# Eldar Fear List



## Caldria (May 17, 2013)

Hey there, I've recently started looking into a central theme/idea for a list - that theme would be a leadership tests based list - made to force as many of all the various leadership tests as possible, with as much help as available to help my opponent fail them.

I'm wondering if perhaps people could possibly lend some suggestions/ideas.
First off, I realise this is probably not gonna be ultra competitive. But I'd like to try to get it as competitive as possible. Also, not to rely on one unit "too" much - since there will be 2 or 3 key units that if lost, this idea kinda loses a lot of its impact - so I'd like to try to minimize that loss as much as possible.

Some units to take into consideration:

First and foremost - the Hemlock Wraithfighter, able to cast terrify to remove fearless and forcing nearby successful leadership tests to be rerolled. Since these are the most important/central cogpiece in this theme, I'd like to try to keep these alive for as long as possible. So I'd most likely not be shooting much with this, since I'll be jinking almost every turn if needed - and Jink does not affect Terrify or the Mindshock Pod. I'd also most likely need 2 of these, since 1 will be a massive target once the opponent knows how integral it is to the list. And so priority targets for this list would be skyfire/intercept units before anything else.

Next - Runes of Battle Psykers (Spiritseers, Warlocks). With the hemlocks making leadership tests for the opponent something to be a bit more worried about (chance to negate fearless and immediately force a leadership test that would have to be rerolled if successful), having Horrify would make those leadership tests all the more scary, with -3 to their leadership - Now the possible spanner in the works... random powers - I'd have maximise the amount of Runes of Battle psykers that I have available in the hopes of getting a couple Horrifies (at the very least 1, but 2 or more would be ideal).

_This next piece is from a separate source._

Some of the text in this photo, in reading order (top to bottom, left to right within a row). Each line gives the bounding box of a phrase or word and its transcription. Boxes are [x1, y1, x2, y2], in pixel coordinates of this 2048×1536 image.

I will admit I much prefer the Farseer to the Spiritseer, and since Warlocks have access to the same school as the Spiritseer he may not be 100% necessary (though far more reliable than the warlocks).
Having warlocks in a bunch of guardian units as well as in a seer/jetseer council around the field to spread out the psychic spells would be ideal.

Now we have the core units that enable these leadership tests to be quite a deal more effective than before, lets take a look at the possible ways we can exploit this. i.e forcing those tests!

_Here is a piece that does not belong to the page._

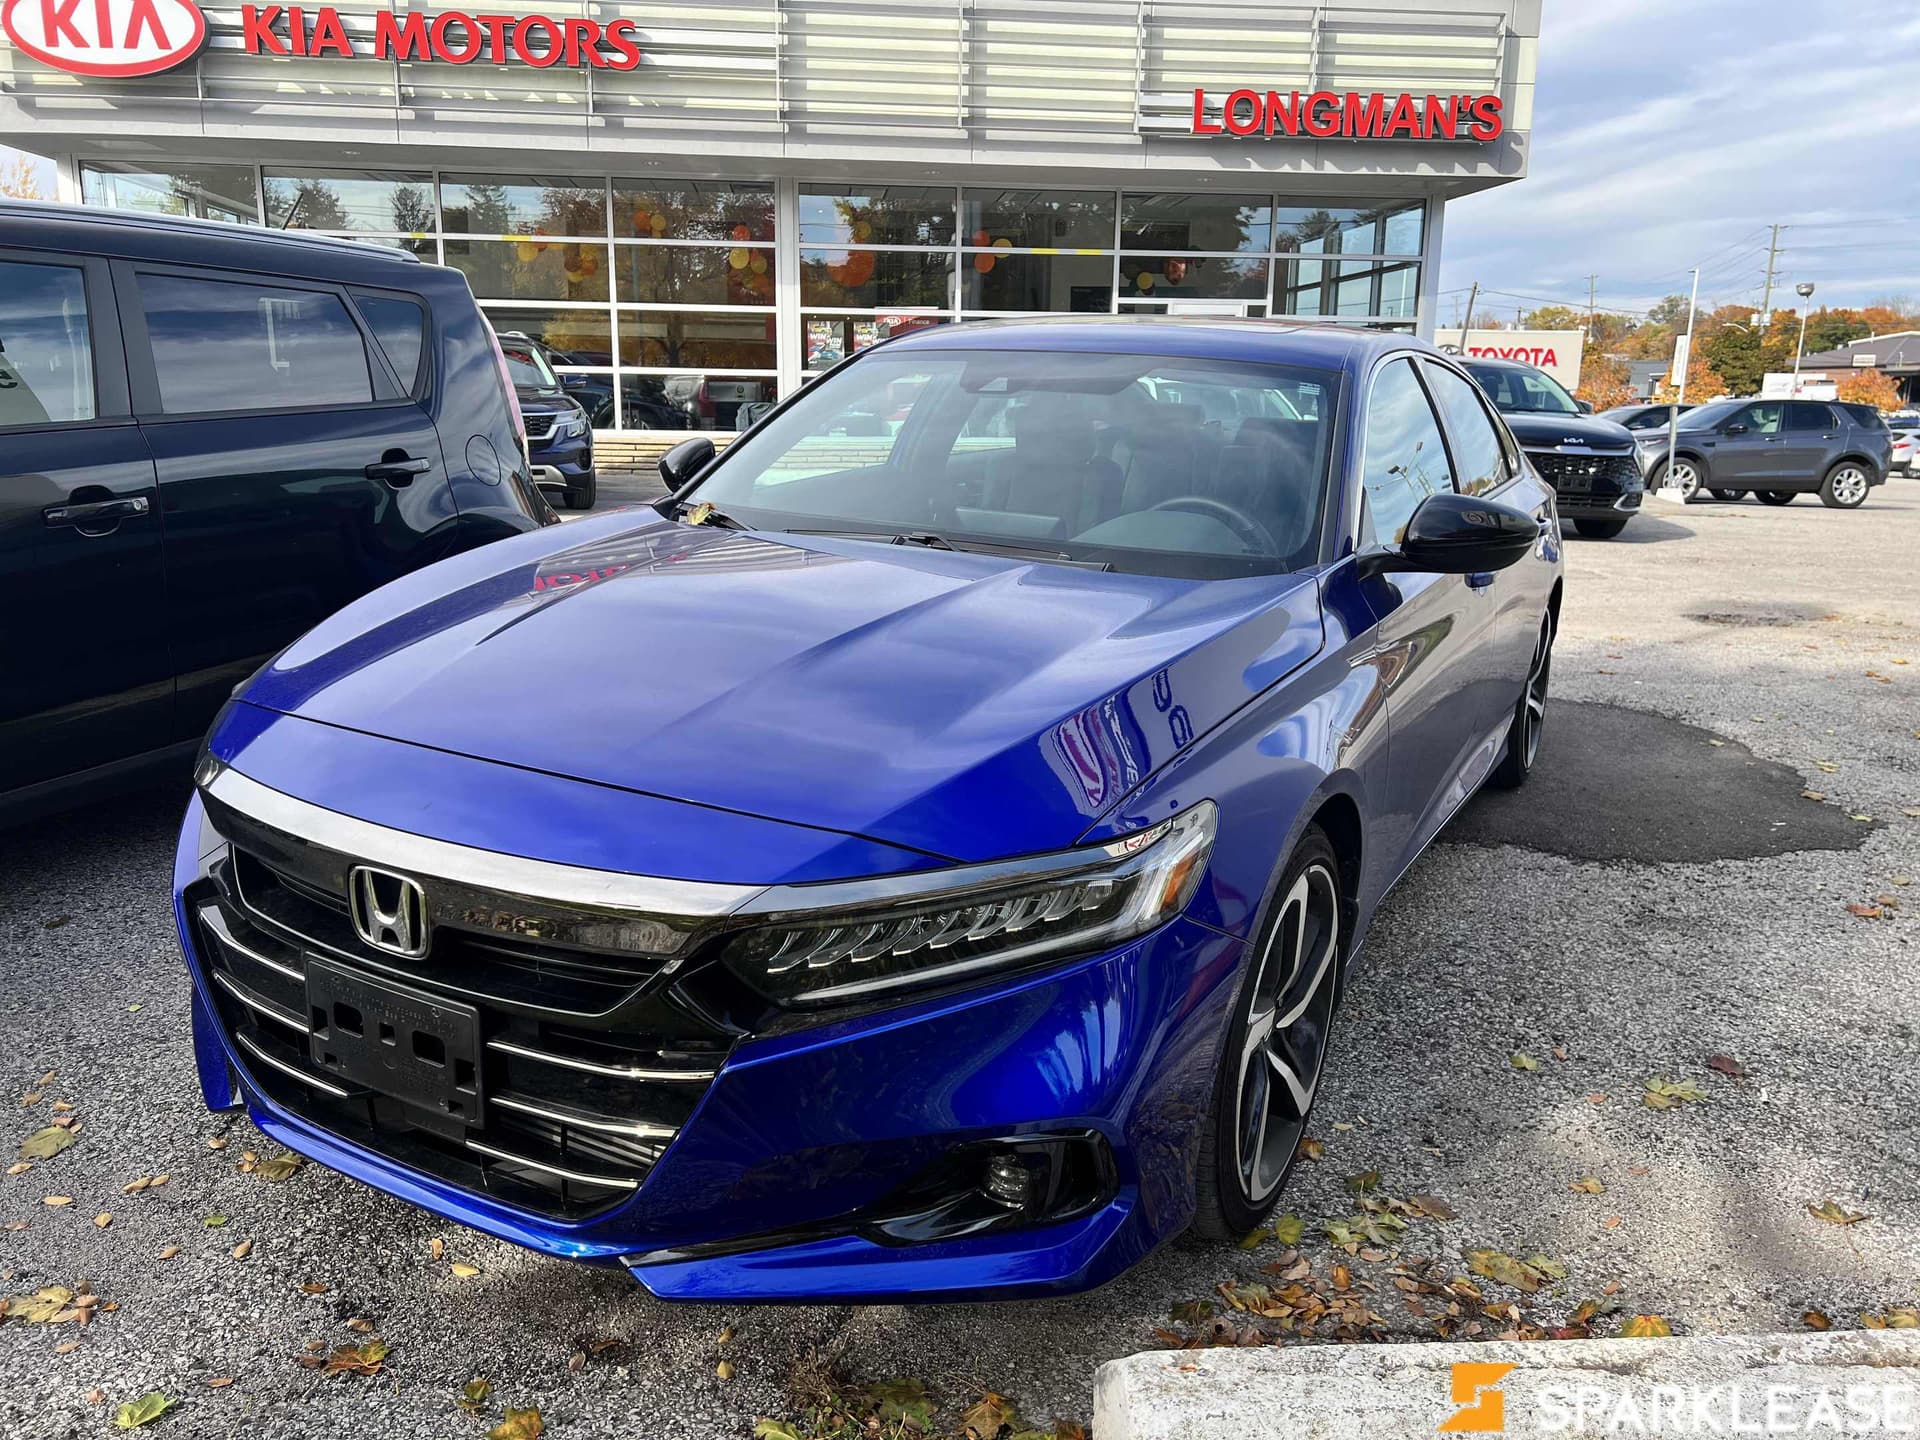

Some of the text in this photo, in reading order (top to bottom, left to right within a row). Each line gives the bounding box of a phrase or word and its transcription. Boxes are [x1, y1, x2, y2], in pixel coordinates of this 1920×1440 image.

[41, 0, 172, 50] KIA
[241, 4, 641, 70] KIA MOTORS
[1192, 88, 1503, 141] LONGMAN'S
[1468, 347, 1557, 367] TOYOTA

Pinning, Fear, winning combat, killing more than 25% of a unit in a shooting/movement phase, etc etc.

An obvious choice would be to get some wave serpents for their pinning shields (possibly for the guardian units to ride in)
Maybe even some cheap Rangers (though I personally prefer a little more mobile army, especially with the key component to this list being a very fast flyer)
There's also the Night Spinner.

Winning combat, if it's even by 1 can potentially trigger sweeping advance. So a solid combat unit that is able to guarantee kills while staying alive is obviously the best option here. 
Enter the Avatar - with his crazy high initiative of 10 and his ability to challenge and kill that single model before he ever gets to strike back thereby winning combat fairly easily, if the challenge is declined then the Avatar can still at least take on most units by himself, save for dedicated assault units or MC killers. 
He also has Fearless, and grants Fearless to all Eldar units within 12" (this helps with the negative of the Mindshock Pod forcing you to reroll your own successful LD tests, since you're now Fearless)
Footslogging Guardian units with their warlocks now tend to look interesting (while the wave serpents would possibly be carrying something else).
He also has Fear as with all monstrous creatures, so is forcing a LD test every fight subphase - After all this, if the Avatar wins said combat, and the enemy flees - the chances of succeeding that sweeping advance is extremely high if not guaranteed against most units.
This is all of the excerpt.